If the code base expects flexibility, trusting documentation is the last thing you'd want to do. I know some people live and die by the documentation, but that's just a bad idea when duck typing or composition is heavily used for instance, and documentation should be very minimal in the first place.

When a function takes a myriad of potential input, "can this function do X" is an answer you get by reading the function or the tests, not the prose on how it was intended 10 years ago or how some other random dev thinks it works.

Documentation doesn’t have to be an essay. A simple, automatically generated reference with proper types goes a long way to tell me „it can do that“ as opposed to „maybe it works lol“. That’s not the level of engineering quality I’m going for in my work.

This whole discussion is about how you might not want to be listing every single types a function accepts. I also kinda wonder how you automatically generate that for duck typing.
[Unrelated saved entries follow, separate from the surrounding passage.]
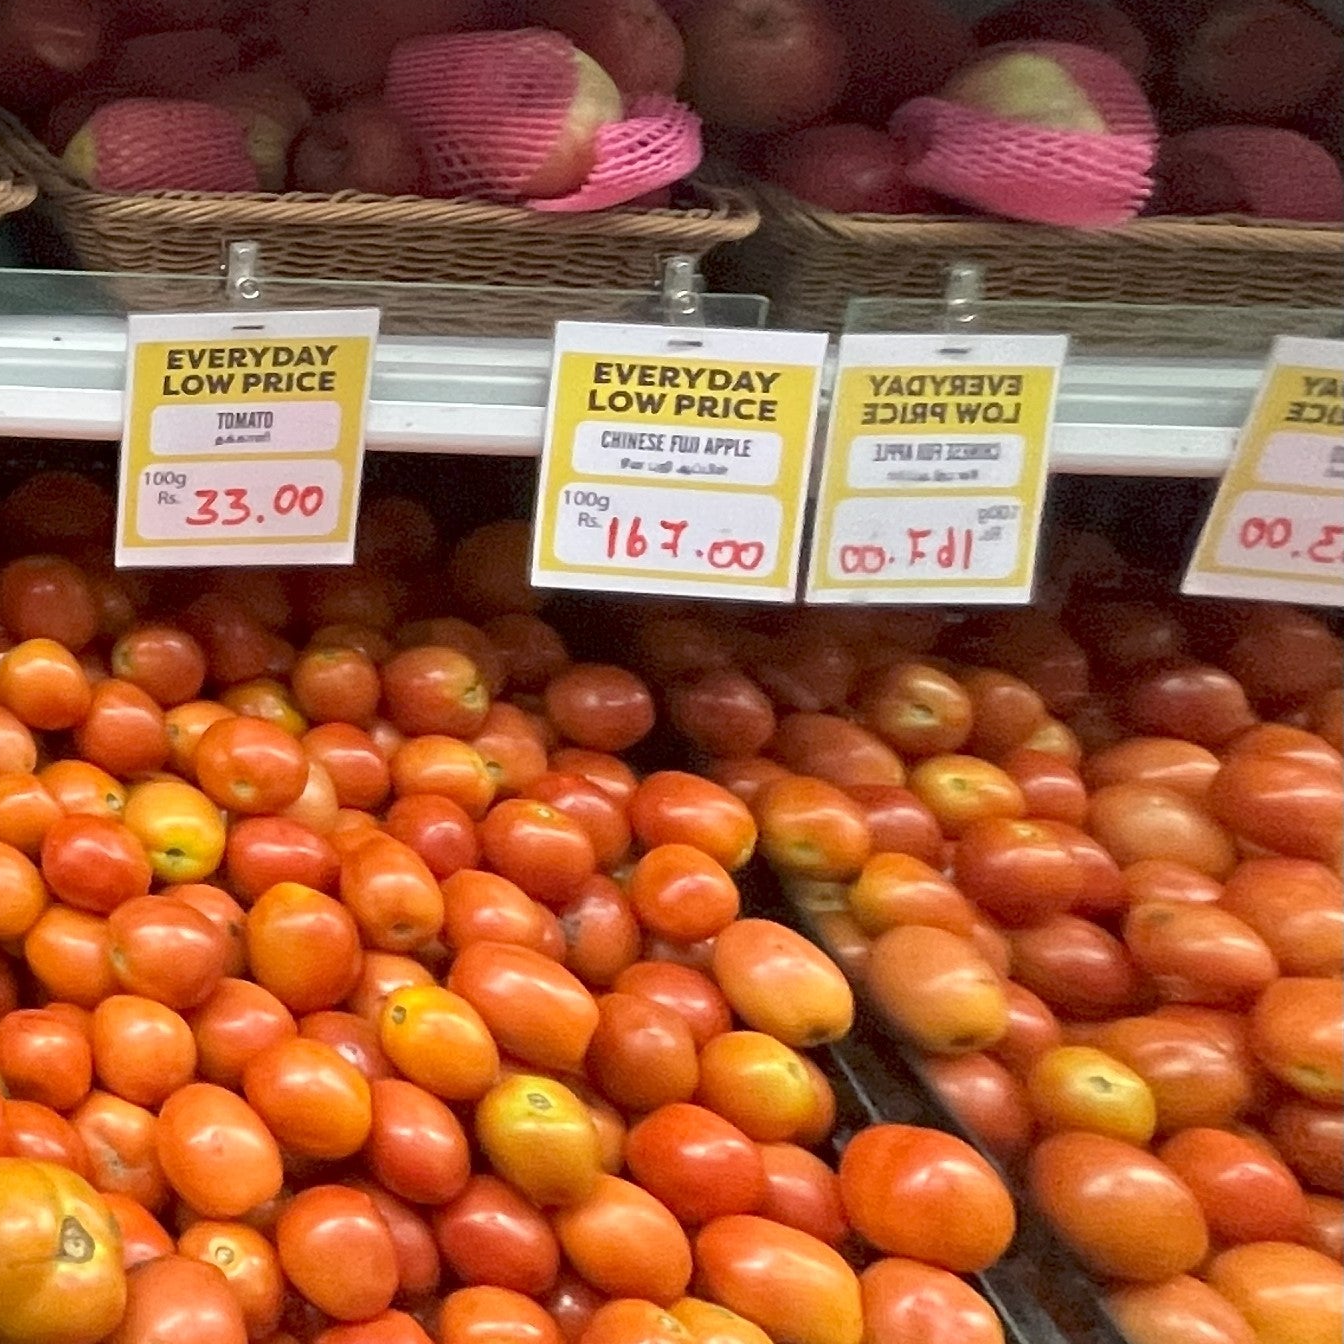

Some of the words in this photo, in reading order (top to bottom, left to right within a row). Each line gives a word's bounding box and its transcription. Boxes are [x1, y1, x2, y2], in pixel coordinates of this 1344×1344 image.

[166, 345, 339, 370] EVERYDAY
[162, 373, 234, 396] LOW
[241, 371, 336, 394] PRICE
[593, 362, 781, 394] EVERYDAY
[587, 389, 666, 415] LOW
[673, 394, 778, 422] PRICE
[217, 411, 273, 430] TOMATO
[601, 430, 664, 452] CHINESE
[670, 435, 699, 454] FUJI
[704, 438, 752, 457] APPLE
[144, 471, 186, 487] 100g
[186, 483, 324, 526] 33.00
[563, 490, 610, 511] 100g
[606, 516, 765, 570] 167.00
Generally using the Protocol[1] feature

    from typing import Protocol

    class SupportsQuack(Protocol):
        def quack(self) -> None: ...
This of course works with dunder methods and such. Also you can annotate with @runtime_checkable (also from typing) to make `isinstance`, etc work with it

[1]: https://typing.python.org/en/latest/spec/protocol.html

You're then creating a Protocol for every single function that could rely on some duck typing.

Imagine one of your function just wants to move an iterator forward, and another just wants the current position. You're stuck with either requiring a full iterator interface when only part of it is needed or create one protocol for each function.
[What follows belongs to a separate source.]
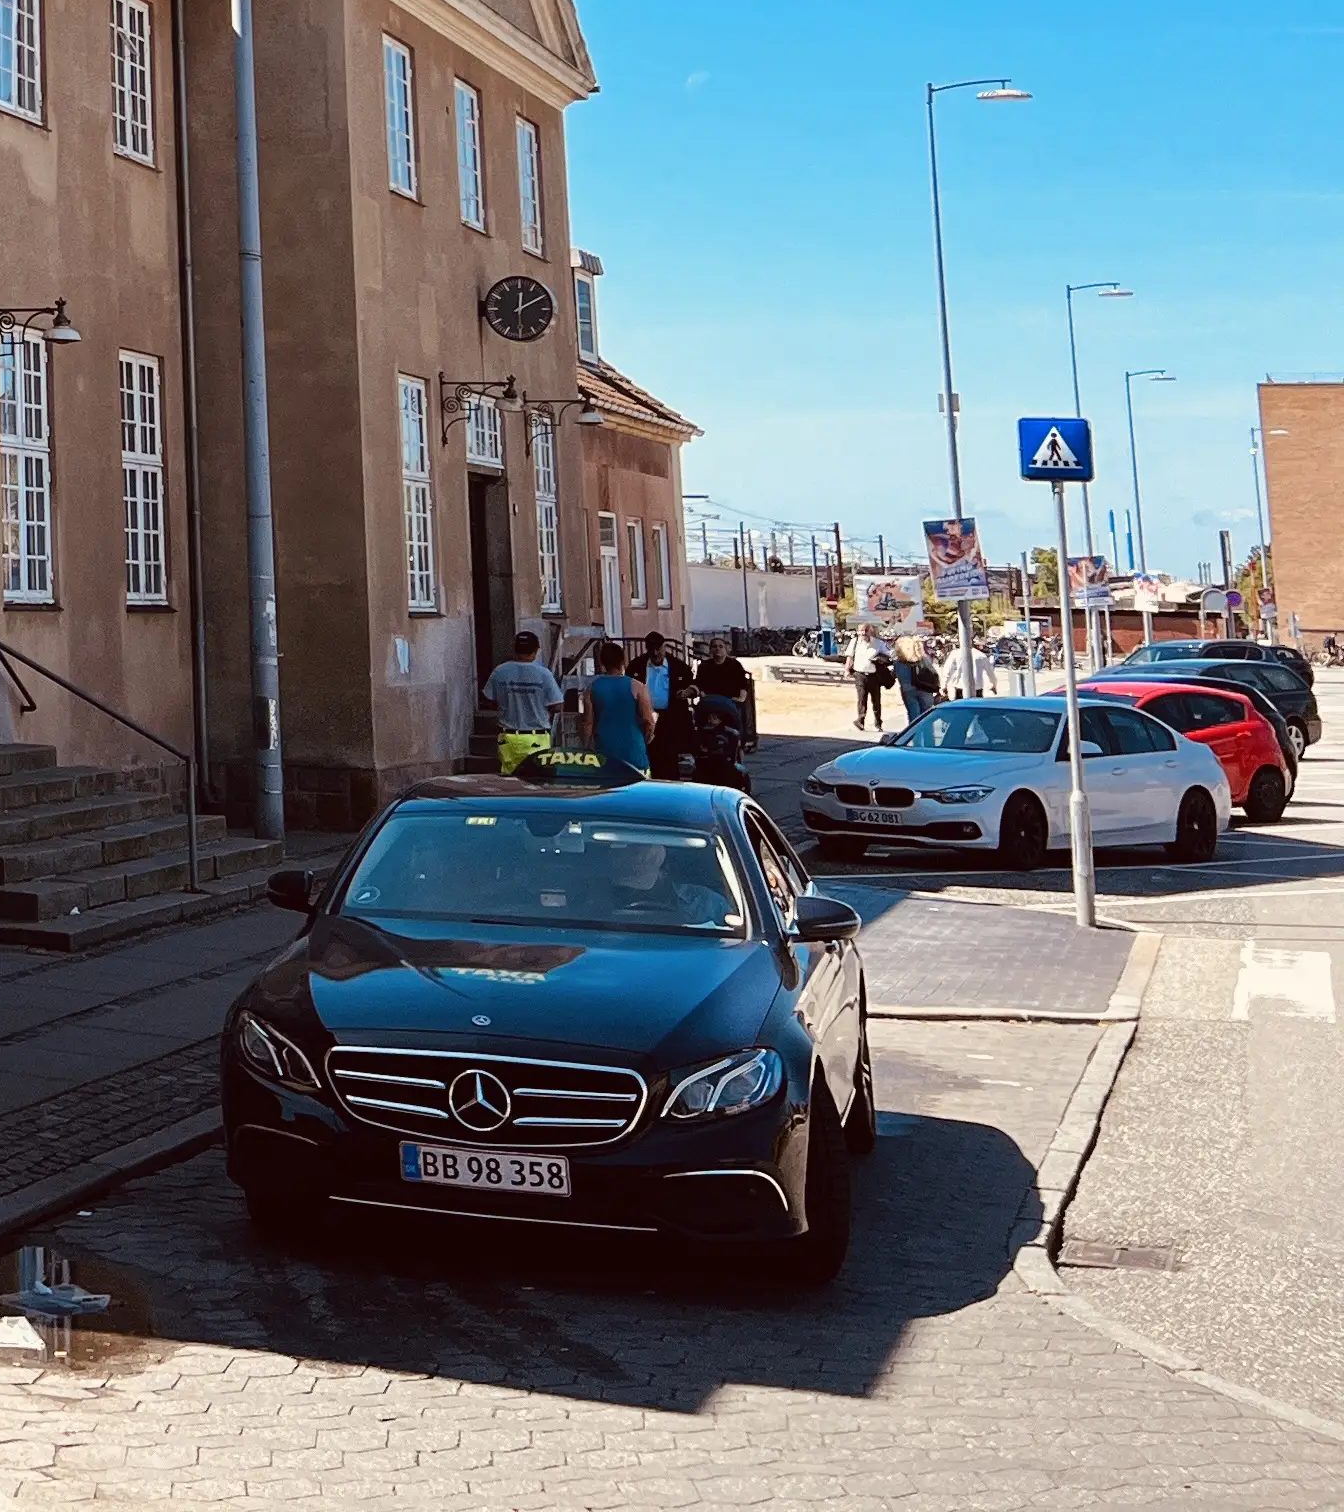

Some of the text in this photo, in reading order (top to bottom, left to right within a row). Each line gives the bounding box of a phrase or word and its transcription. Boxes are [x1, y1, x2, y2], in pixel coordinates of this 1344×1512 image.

[537, 751, 602, 769] TAXA
[868, 812, 880, 823] 62
[882, 813, 899, 824] 081
[422, 1151, 564, 1189] BB 98 358
In day to day life that's dev time that doesn't come back as people are now spending time reading the protocol spaghetti instead of reading the function code.

I don't deny the usefulness of typing and interfaces in stuff like libraries and heavily used common components. But that's not most of your code in general.

For the collections case in particular, you can use the ABCs for collections that exist already[1]. There's probably in your use case that satisfies those. There's also similar things for the numeric tower[2]. SupportsGE/SupportsGT/etc should probably be in the stdlib but you can import them from typeshed like so

    from __future__ import annotations

    from typing import TYPE_CHECKING

    if TYPE_CHECKING:
        from _typeshed import SupportsGT
---

In the abstract sense though, most code in general can't work with anything that quack()s or it would be incorrect to. The flip method on an penguin's flipper in a hypothetical animallib would probably have different implications than the flip method in a hypothetical lightswitchlib.

Or less by analogy, adding two numbers is semantically different than adding two tuples/str/bytes or what have you. It makes sense to consider the domain modeling of the inputs rather than just the absolute minimum viable to make it past the runtime method checks.

But failing that, there's always just Any if you legitimately want to allow any input (but this is costly as it effectively disables type checking for that variable) and is potentially an indication of some other issue.

[1]: https://docs.python.org/3.14/library/collections.abc.html

[2]: https://docs.python.org/3/library/numbers.html

> You're then creating a Protocol for every single function that could rely on some duck typing.

No, you are creating a Protocol (the kind of Python type) for every protocol (the descriptive thing the type represents) that is relied on for which an appropriate Protocol doesn’t already exist. Most protocols are used in more than one place, and many common ones are predefined in the typing module in the standard library.